Muy cerca de la ciudad se encuentra el Parque Nacional Los Alerces, declarado Patrimonio Mundial por la UNESCO, donde los visitantes pueden navegar entre lagos cristalinos, montañas nevadas y bosques milenarios hasta llegar al famoso Alerzal Milenario, hogar de ejemplares con más de 2.600 años de antigüedad, considerados entre los árboles más antiguos del planeta.
Otra experiencia imprescindible es subir a La Trochita, el histórico Viejo Expreso Patagónico, uno de los pocos trenes a vapor que aún funcionan en el mundo. Sus vagones originales de 1922, sus salamandras encendidas y su recorrido hasta Nahuelpan convierten el viaje en una auténtica postal de otra época.

Para quienes buscan deportes de invierno, el Centro de Actividades de Montaña La Hoya ofrece una de las mejores nieves del país gracias a su orientación sur, que conserva las pistas en excelentes condiciones durante gran parte de la temporada.
Con 30 pistas, 8 medios de elevación y prácticamente sin largas filas, es un centro ideal tanto para esquiadores experimentados como para familias que desean iniciarse en la nieve o simplemente disfrutar de paseos en aerosilla y trineos.
2. Descubrir la tradición galesa
A solo 25 kilómetros de Esquel aparece Trevelin, un encantador pueblo que mantiene vivas las costumbres de los colonos galeses que llegaron a la Patagonia a fines del siglo XIX.

Allí, la ceremonia del tradicional té galés, acompañado por la clásica torta negra, scones y tartas caseras, forma parte de una experiencia cultural que transporta a otro tiempo.
El destino también invita a recorrer el Museo Molino Nant Fach, conocer las Viñas del Nant y Fall, visitar la Bodega Contra Corriente y descubrir las cascadas Nant y Fall, combinando historia, naturaleza y enoturismo.

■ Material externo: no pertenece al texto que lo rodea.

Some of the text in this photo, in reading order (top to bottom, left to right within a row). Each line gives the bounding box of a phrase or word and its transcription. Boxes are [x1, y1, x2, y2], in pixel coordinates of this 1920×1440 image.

3. Turismo rural con identidad patagónica
Más allá de la ciudad, Esquel abre la puerta a un turismo auténtico y profundamente conectado con la identidad de la región.
La comunidad Nahuelpan preserva las tradiciones de los pueblos originarios mediante el Museo de Culturas Originarias Patagónicas, la Casa de las Artesanas y experiencias gastronómicas ancestrales.

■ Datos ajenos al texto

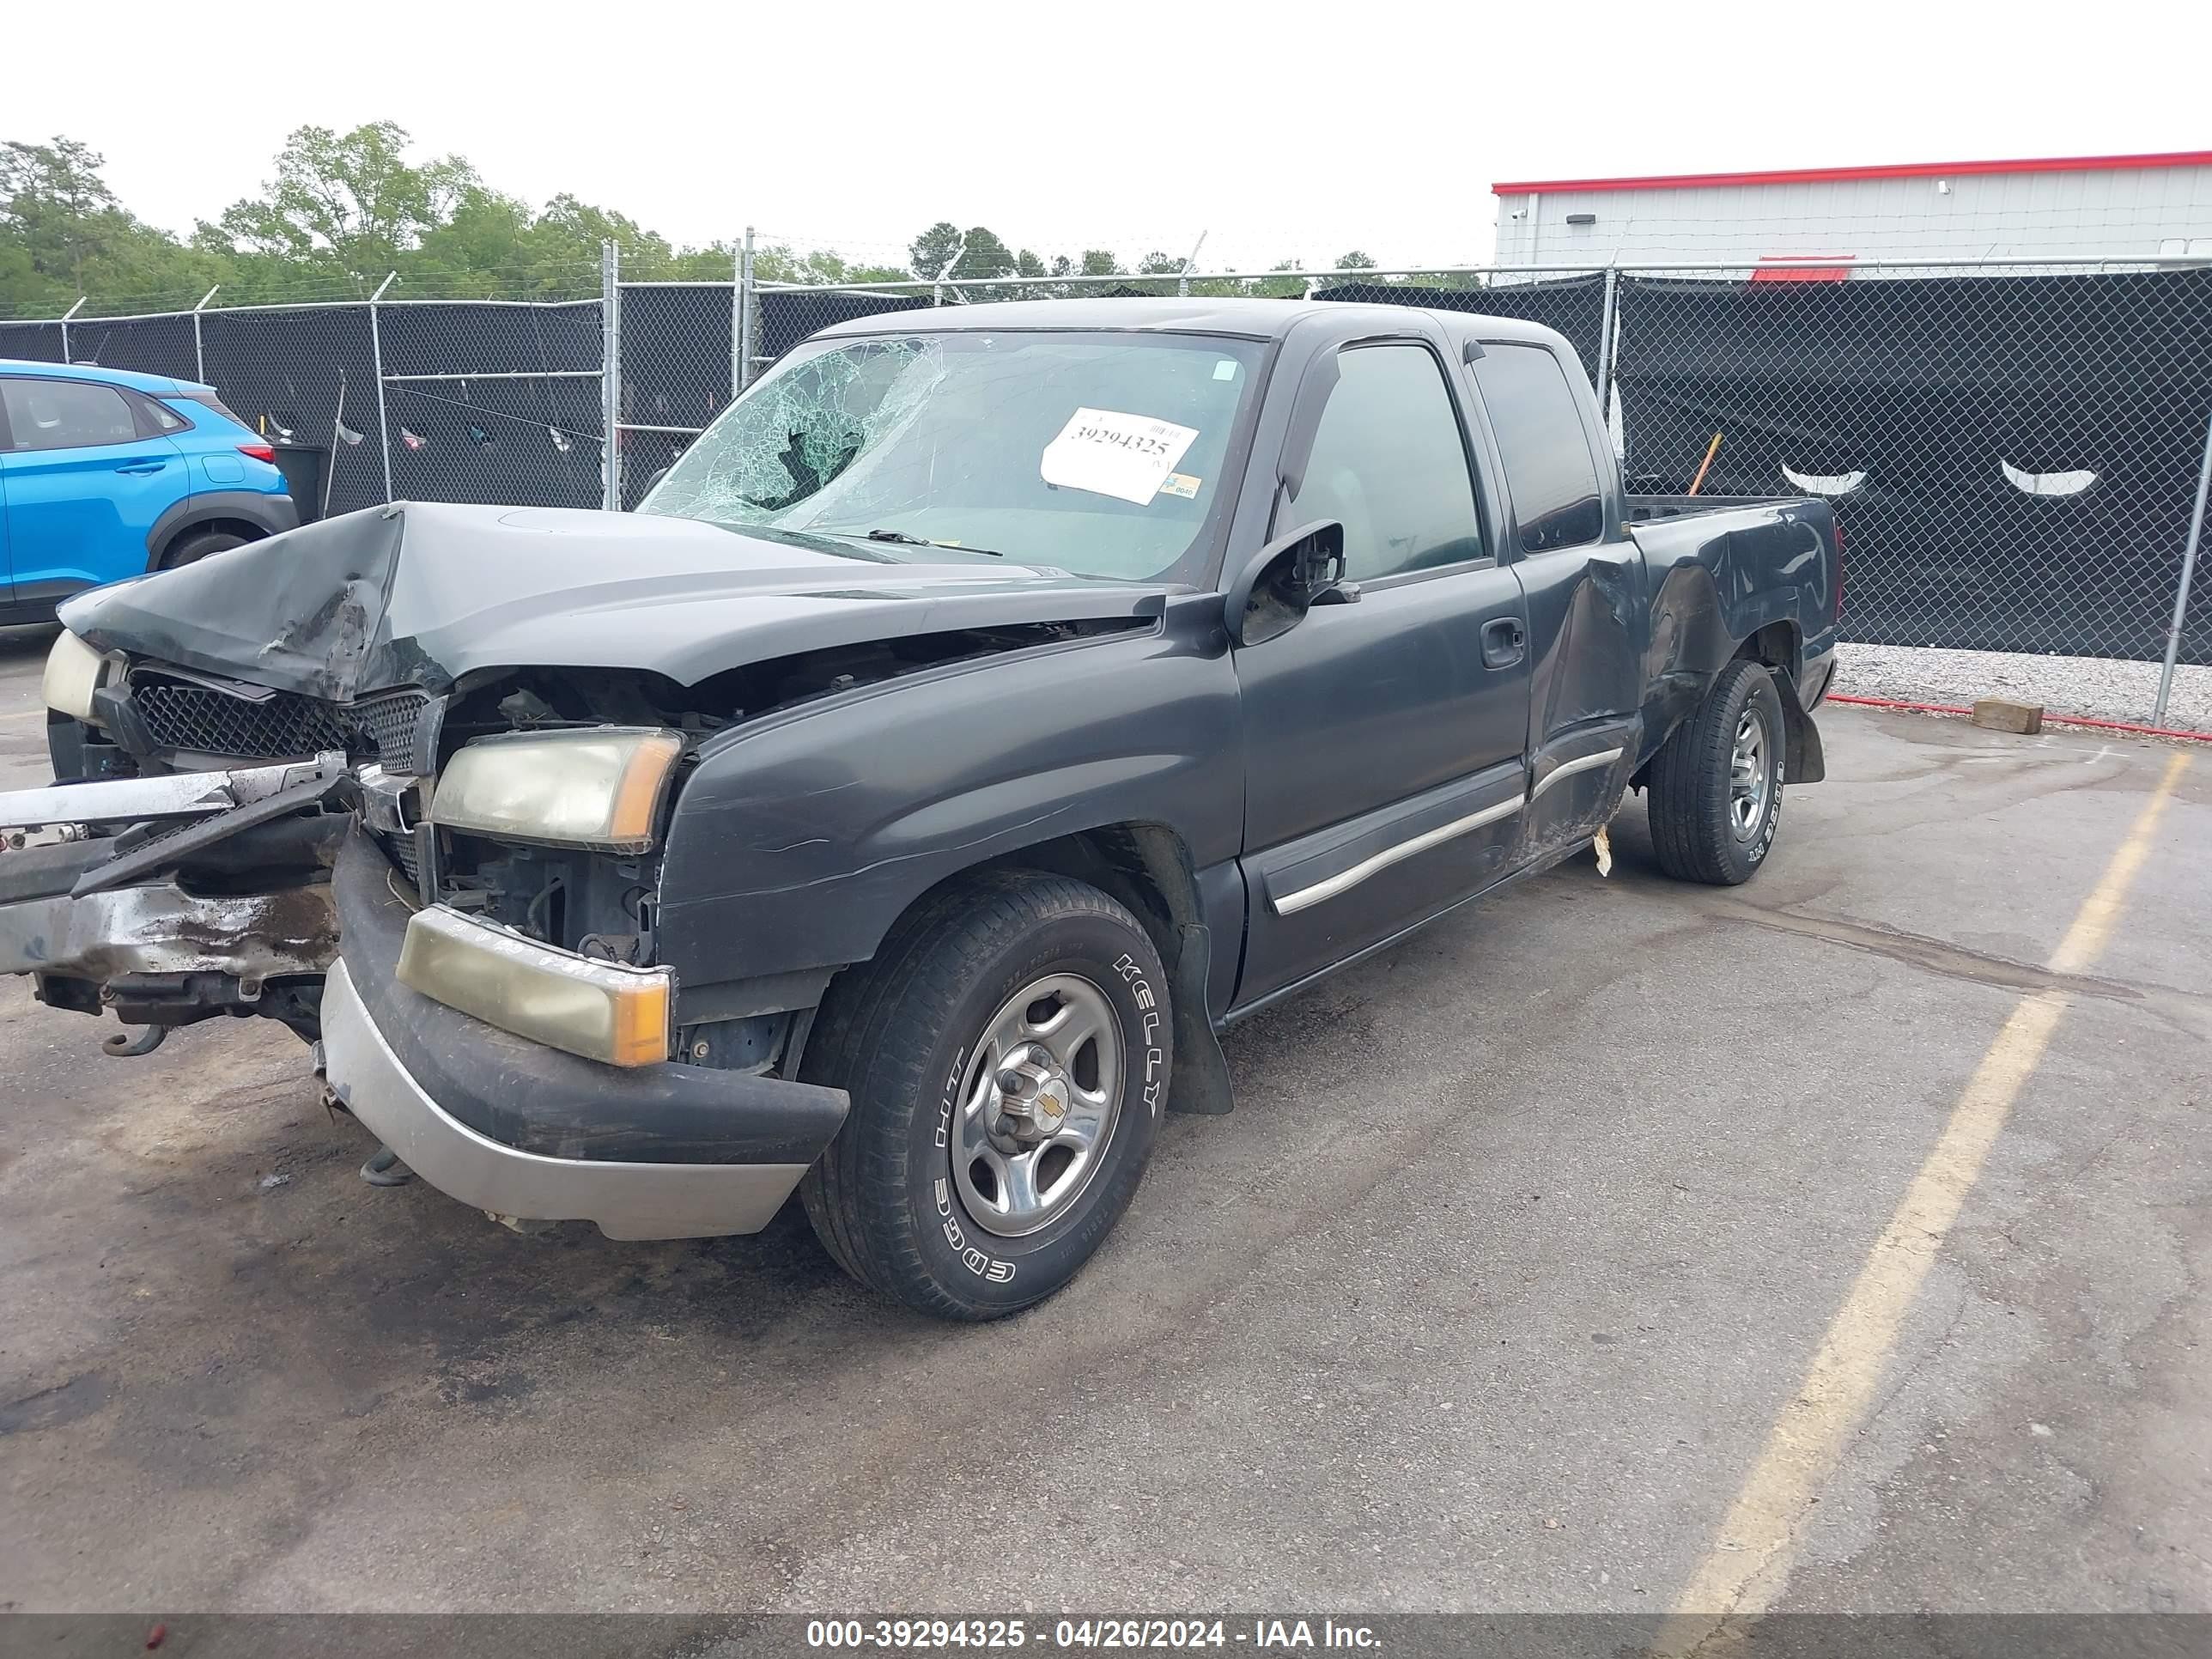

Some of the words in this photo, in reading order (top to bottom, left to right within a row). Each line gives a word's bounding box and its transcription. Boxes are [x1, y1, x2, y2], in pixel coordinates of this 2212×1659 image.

Muy cerca, Alto Río Percy invita a conocer la historia de los antiguos carreros que abastecían de leña a Esquel, además de ofrecer actividades de agroturismo, senderismo, caminatas interpretativas entre hongos patagónicos y excursiones con raquetas de nieve.
A poco más de una hora, la comunidad mapuche de Sierra Colorada completa la experiencia con cabalgatas, senderos de montaña, un parque de nieve familiar y relatos que permiten comprender la historia y la cosmovisión de los primeros habitantes de la región.

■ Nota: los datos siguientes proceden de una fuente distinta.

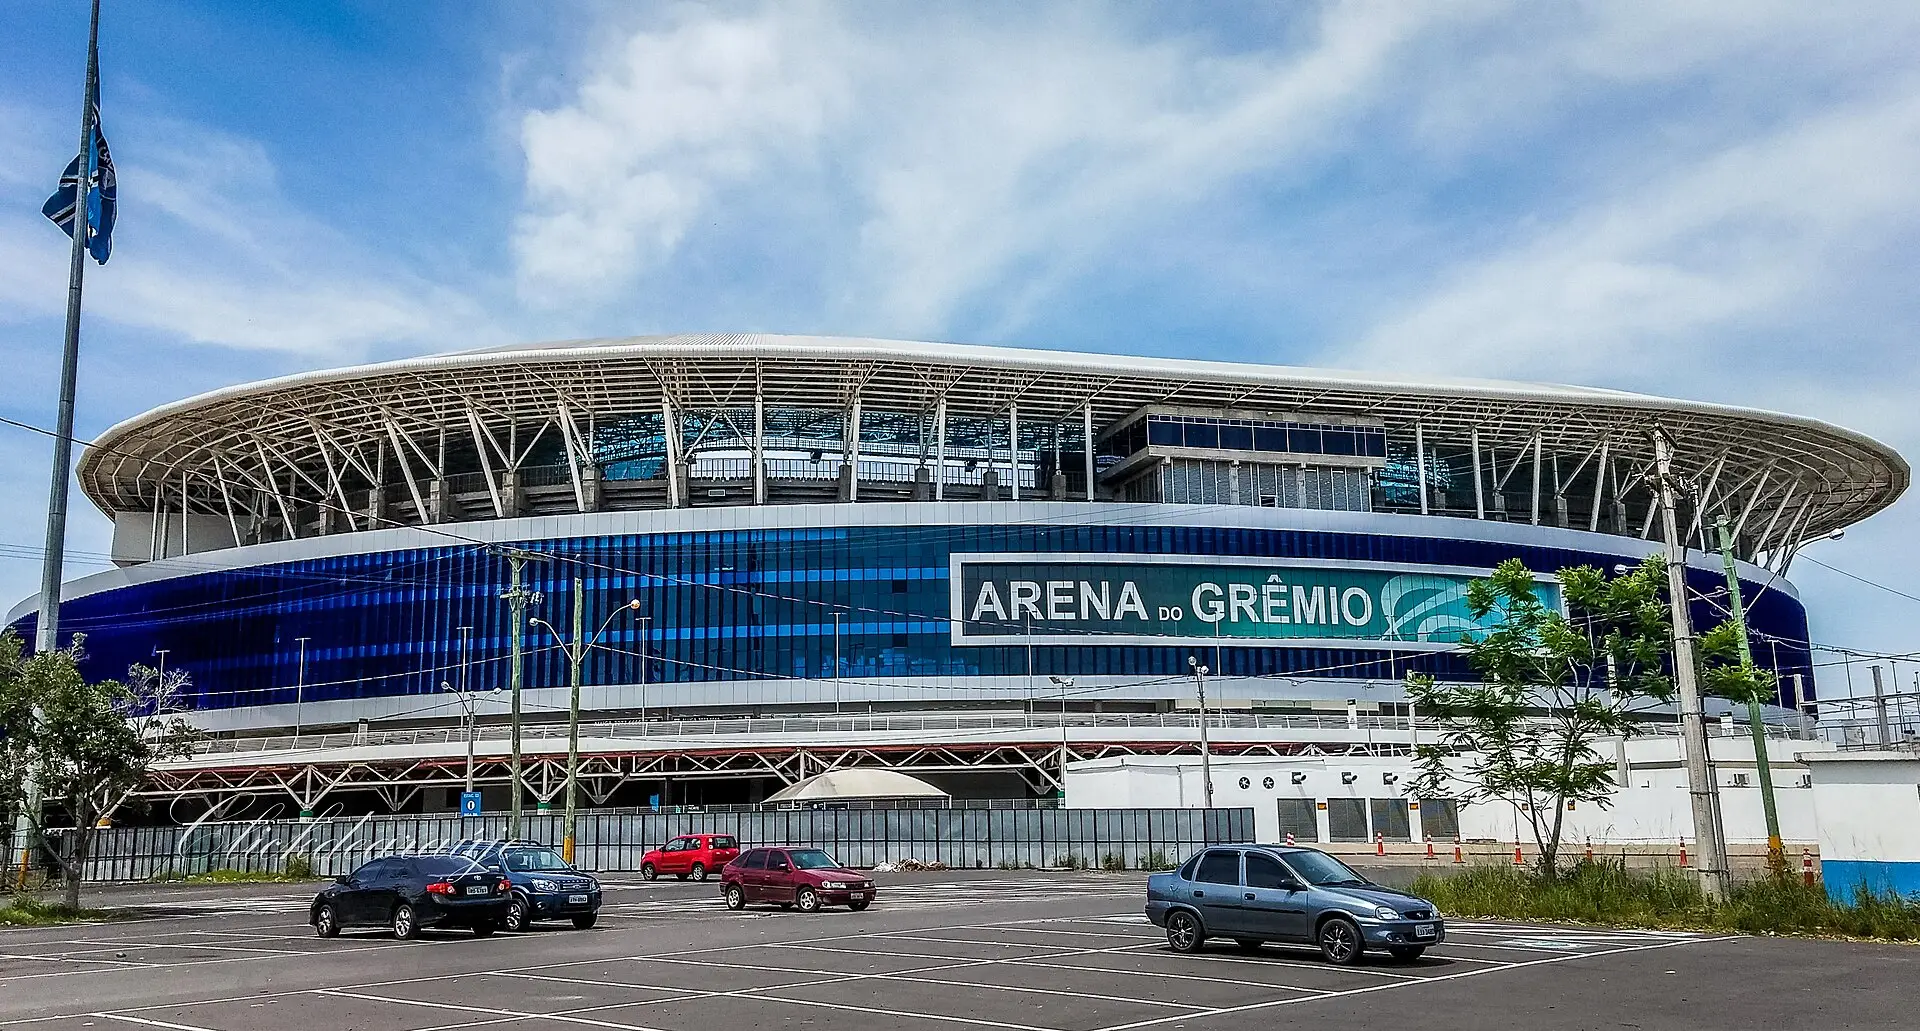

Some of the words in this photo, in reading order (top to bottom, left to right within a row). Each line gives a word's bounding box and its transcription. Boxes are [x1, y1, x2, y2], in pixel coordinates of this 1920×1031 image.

[971, 580, 1149, 621] ARENA
[1158, 606, 1183, 621] DO
[1191, 574, 1373, 626] GRÊMIO
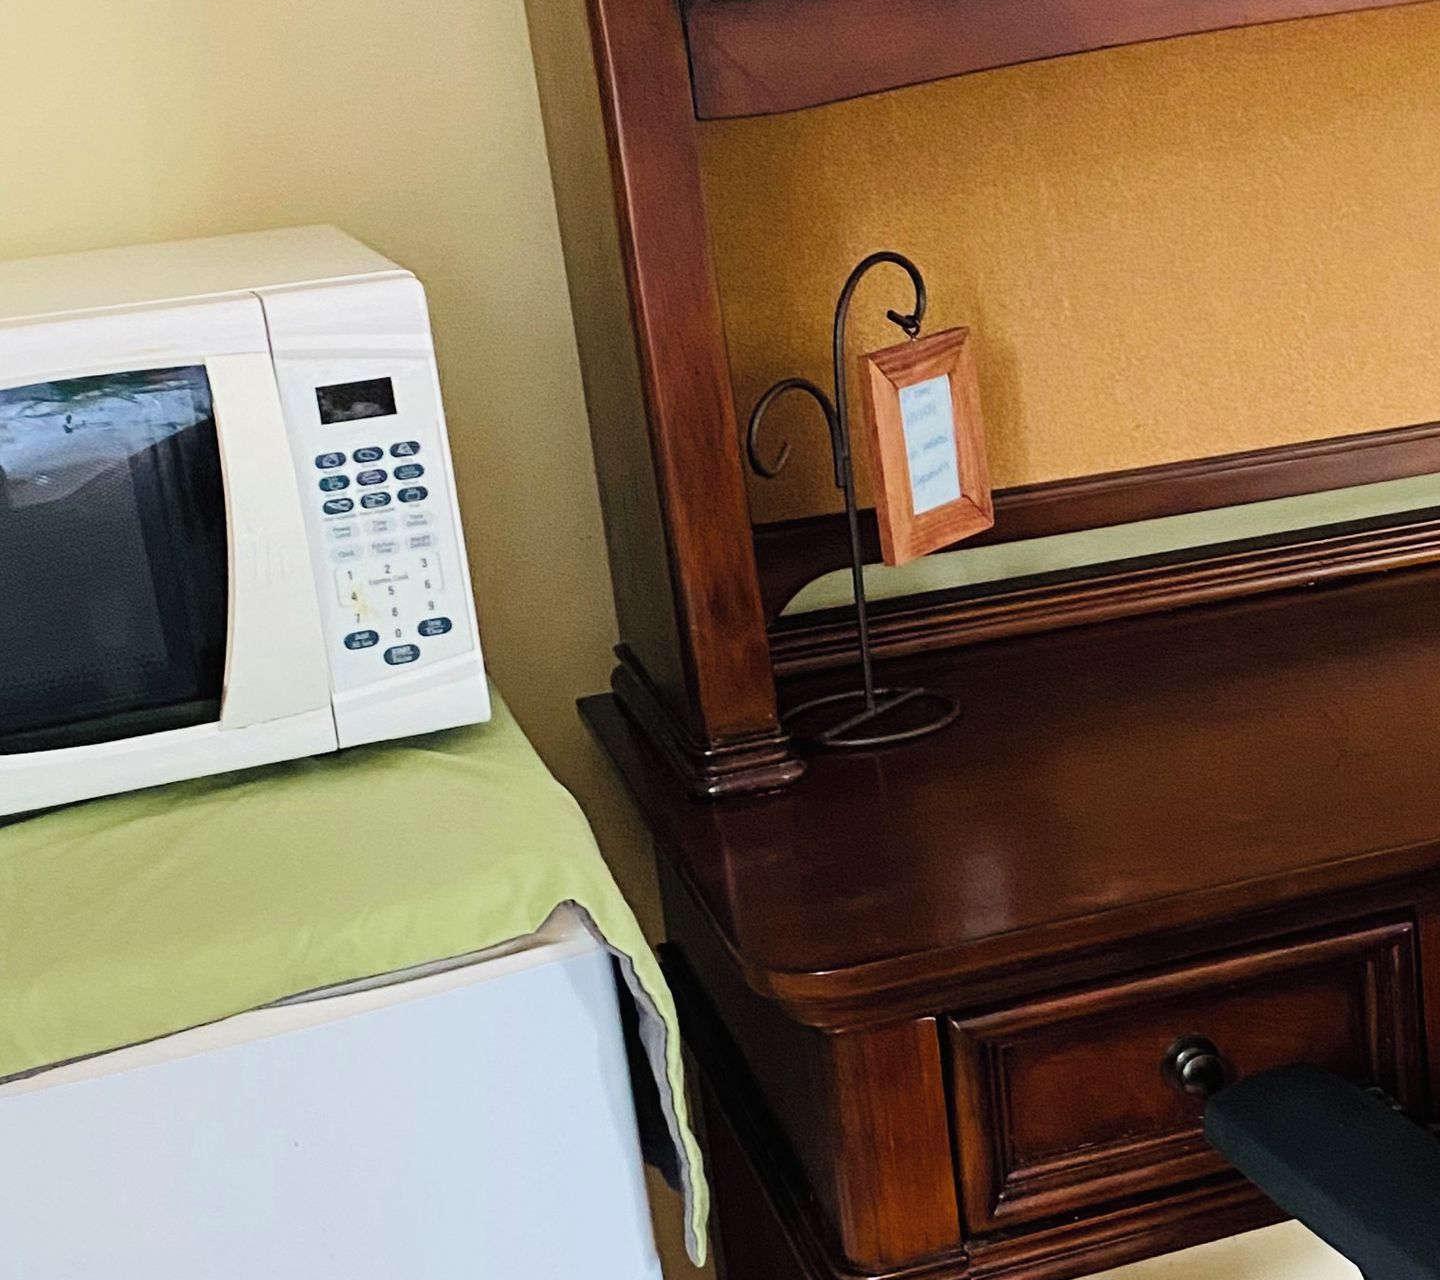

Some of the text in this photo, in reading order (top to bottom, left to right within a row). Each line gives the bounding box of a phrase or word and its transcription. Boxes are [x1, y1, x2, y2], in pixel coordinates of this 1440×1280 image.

4. Un destino seguro y con gente hospitalaria
No es casualidad que Booking.com haya elegido recientemente a Esquel como “el destino más amable de Argentina”.
Quienes la visitan destacan la cordialidad de sus habitantes, la tranquilidad de sus calles y la sensación de seguridad que se vive durante toda la estadía.

Además, las cortas distancias permiten recorrer cómodamente los principales atractivos caminando, en transporte público o en automóvil, sin el ritmo frenético de otros destinos turísticos.
5. Sabores que también enamoran
La gastronomía es otro de los grandes motivos para visitar Esquel.
Los viajeros pueden disfrutar desde un chocolate caliente frente a un paisaje nevado hasta platos elaborados con cordero patagónico, trucha fresca, hongos regionales y productos artesanales elaborados con ingredientes locales.
Entre las especialidades más buscadas aparecen los chocolates, los helados artesanales y el alfajor elegido como el mejor de la Patagonia, elaborado con chocolate blanco orgánico y un corazón de frambuesas de producción regional.
La experiencia gastronómica se completa con vinos patagónicos, especialmente variedades como Pinot Noir y Chardonnay, que acompañan a la perfección las carnes y la cocina típica de la cordillera.
Un invierno diferente
Lejos del turismo masivo y cerca de algunos de los paisajes más impactantes de la Argentina, Esquel demuestra que todavía existen destinos capaces de sorprender.
Naturaleza, nieve, cultura, historia y buena gastronomía se combinan para ofrecer unas vacaciones de invierno diferentes, auténticas y con el sello inconfundible de la Patagonia. Un lugar ideal para quienes buscan bajar el ritmo, respirar aire puro y volver a conectar con la esencia del viaje.